Claire Parkinson, a climatologist at NASA’s Goddard Space Flight Center, said that above-average temperatures and below-normal sea ice extents in the Arctic, while concerning especially for the longterm, are not entirely surprising.

“The Arctic has been decreasing for many years now in terms of overall trend,” she said.

Since 1979, winter Arctic ice extent has decreased by about 3 percent per decade, records show.

“The Arctic is kind of a nothing new here story — what’s going on now is extreme and a record low — but we’ve seen record lows in the past couple of decades,” said Walt Meier, a scientist from the Goddard center’s Cryospheric Sciences Laboratory.

But “from a climate perspective, the Arctic changes are much more significant,” he said.

The years of diminishing sea ice extent has been caused by temperature increases scientists have attributed to greenhouse gas emissions from humans.

The shrinking sea ice extent is problematic because ice cover in the Earth’s cool polar regions — particularly the Arctic which maintains much more ice through the summer months — help moderate global temperatures.

“It acts as a refrigerator or cooler for the planet, if you will,” Meier said.

Sea ice has a bright surface that reflects about 80 percent of the sunlight that strikes it, helping to maintain cool temperatures.
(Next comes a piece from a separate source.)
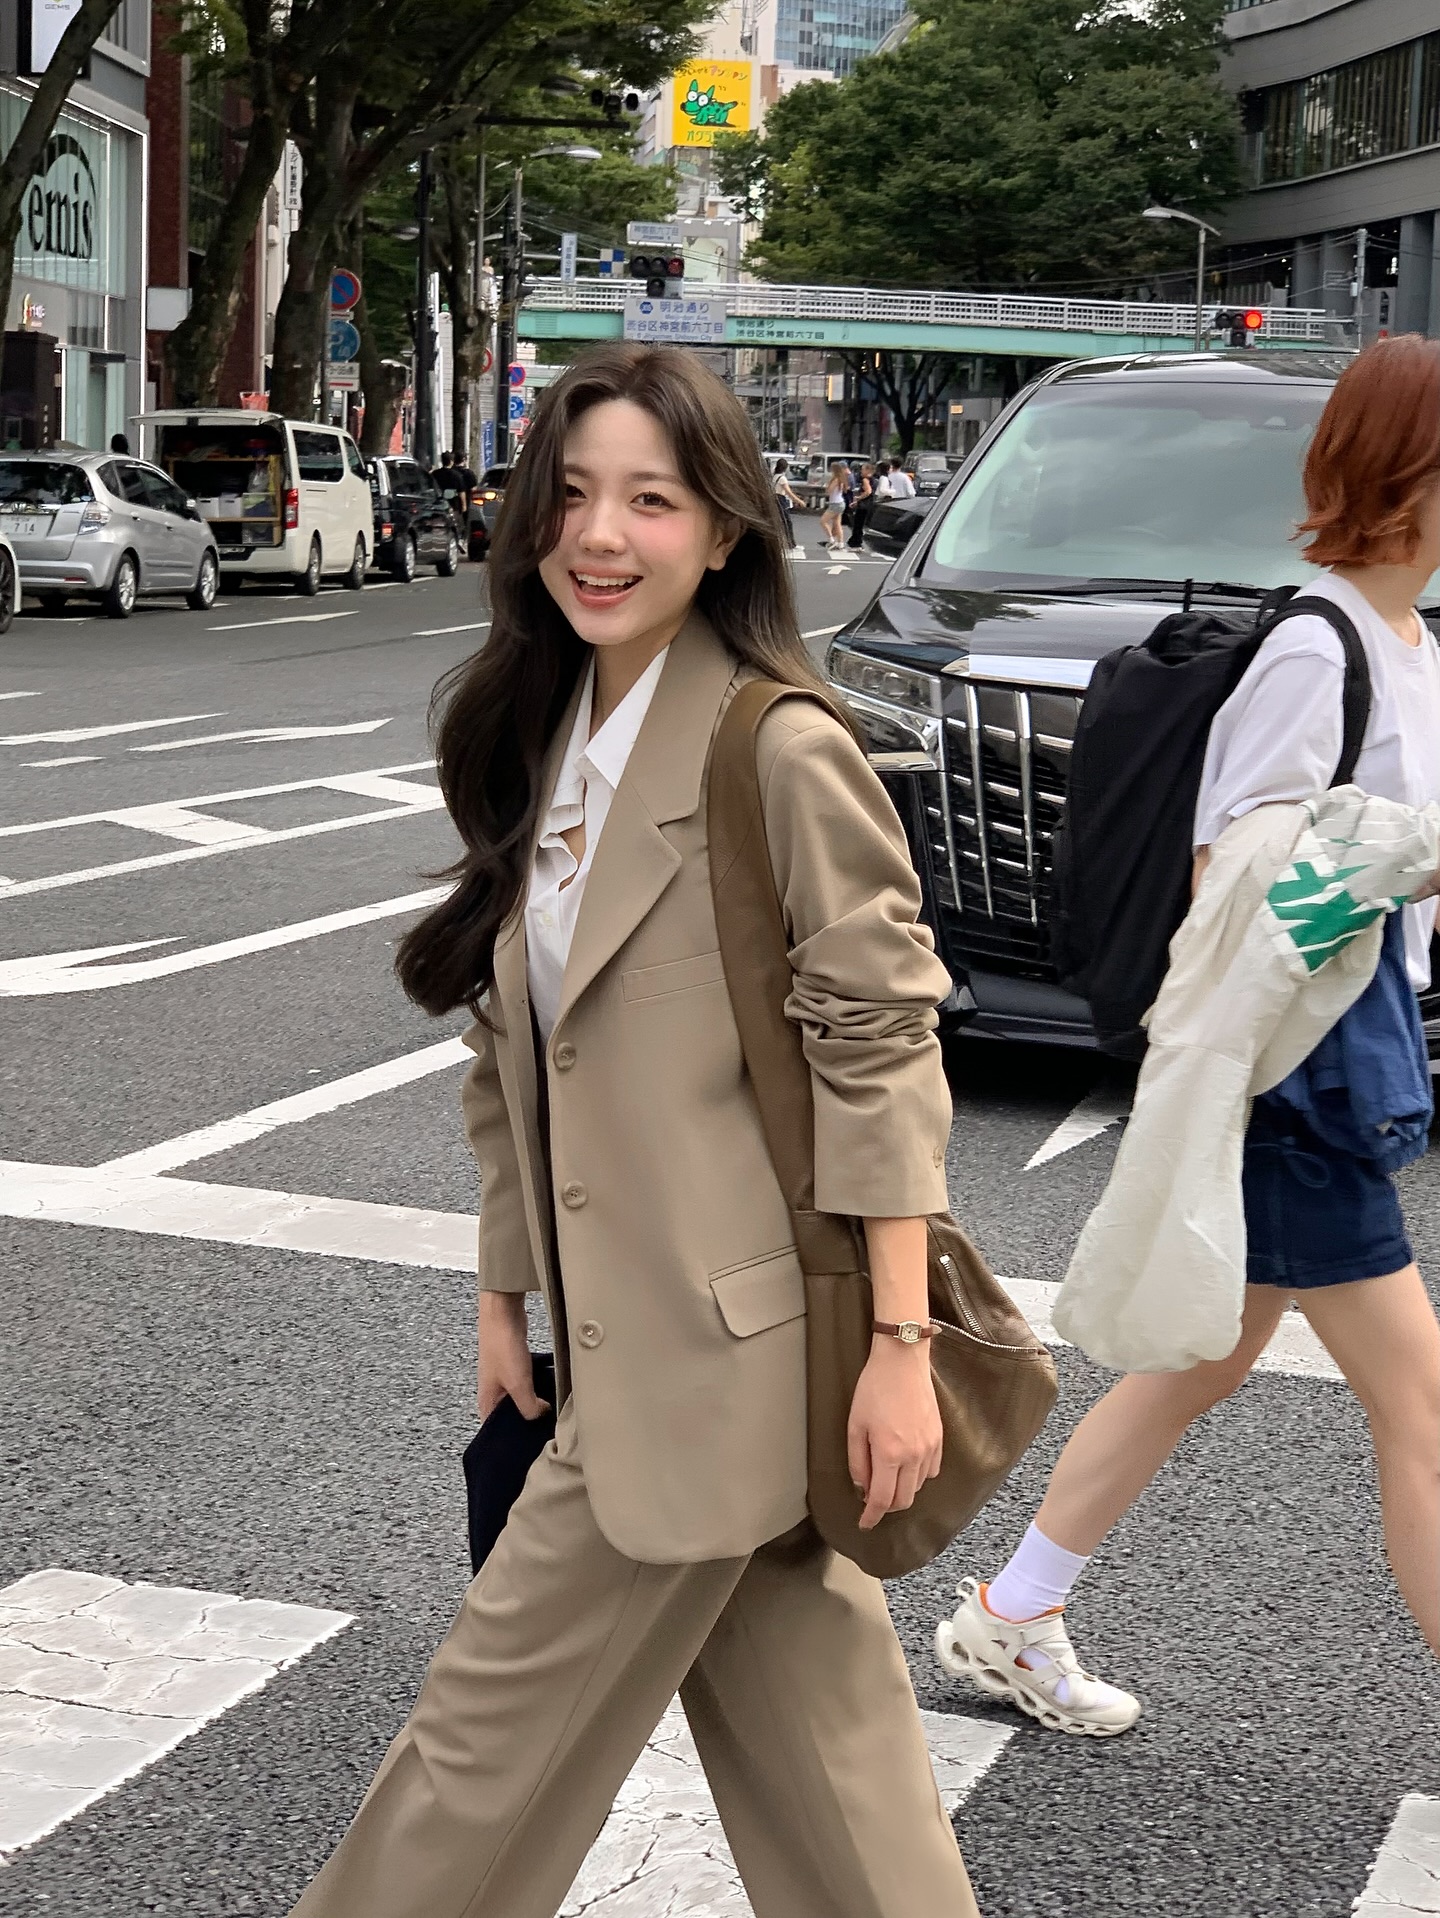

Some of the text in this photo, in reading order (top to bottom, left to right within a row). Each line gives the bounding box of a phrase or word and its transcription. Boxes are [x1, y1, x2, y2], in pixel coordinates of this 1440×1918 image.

[660, 301, 709, 314] 明治通り
[627, 320, 723, 333] 渋谷区神宮前六丁目
When that ice is lost, it exposes a dark ocean surface, which has the opposite effect absorbing about 90 percent of sunlight causing both sea and air temperatures to warm.

Melting sea ice does not cause sea levels to rise — melting land ice causes that. But because melting sea ice leads to warmer temperatures, it indirectly contributes to sea level rise that’s threatening coastal communities around the planet.

The Antarctic

The sea ice extent in the Antarctic covered 13.616 million square kilometers, as of Nov. 20, data show.
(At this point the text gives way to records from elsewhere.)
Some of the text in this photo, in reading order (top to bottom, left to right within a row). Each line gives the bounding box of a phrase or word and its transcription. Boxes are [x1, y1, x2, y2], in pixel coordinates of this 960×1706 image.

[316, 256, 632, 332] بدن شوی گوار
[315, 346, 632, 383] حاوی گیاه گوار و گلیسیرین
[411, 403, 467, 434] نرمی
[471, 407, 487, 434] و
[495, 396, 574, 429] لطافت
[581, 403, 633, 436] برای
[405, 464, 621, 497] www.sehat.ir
The previous record low sea ice extent at that point in the year was 14.7 million square kilometers in 1986.

Antarctic Sea Ice Extent

In the Antarctic, the sea ice extent there is normally shrinking around this time of year as summer starts to set in. But this year, the drop in sea ice coverage has been much more dramatic.

“It’s been quite striking,” said Parkinson.

The trend is also a remarkable reversal from what had been going on in the Antarctic.

The sea ice extent in the Antarctic had actually risen in recent years, even hitting record highs in 2014.

Something threw that trend off course recently.

“It’s a little mysterious,” said Meier.

Both he and Parkinson noted the Antarctic is much more prone to large swings in sea ice extent than the Arctic. And they said they suspected the sudden shift happening now is being caused primarily by weather conditions and patterns.

It would be unlikely that a more worrisome potential cause — climate change — could explain all of the recent, sharp and sudden decline in Antarctic sea ice.

But experts said they expect the Antarctic’s sea ice extent will eventually start to lose sea ice extent due to global warming, albeit more gradually.

Even though sea ice extent had increased there in recent years, scientists believe that climate change has been affecting the Antarctic. But various factors in that region have managed to largely cancel out the warming, including the Antarctic’s geography, geometry, and wind and ocean currents that somewhat insulate the region to global weather patterns.

“It’s expected that, eventually, warming will catch up and become a significant player in the Antarctic,” Meier said.

Scientists also noted that losses in Arctic ice extent in recent years have far exceeded the gains in Antarctic ice extent.

Does it matter that both poles are seeing historic lows in sea ice extent at the same time?

Not really.

“The fact that they are both record lows is interesting, but from a climate perspective, it may not mean that much,” Meier said. ”It may simply be coincidence or chance in some sense.”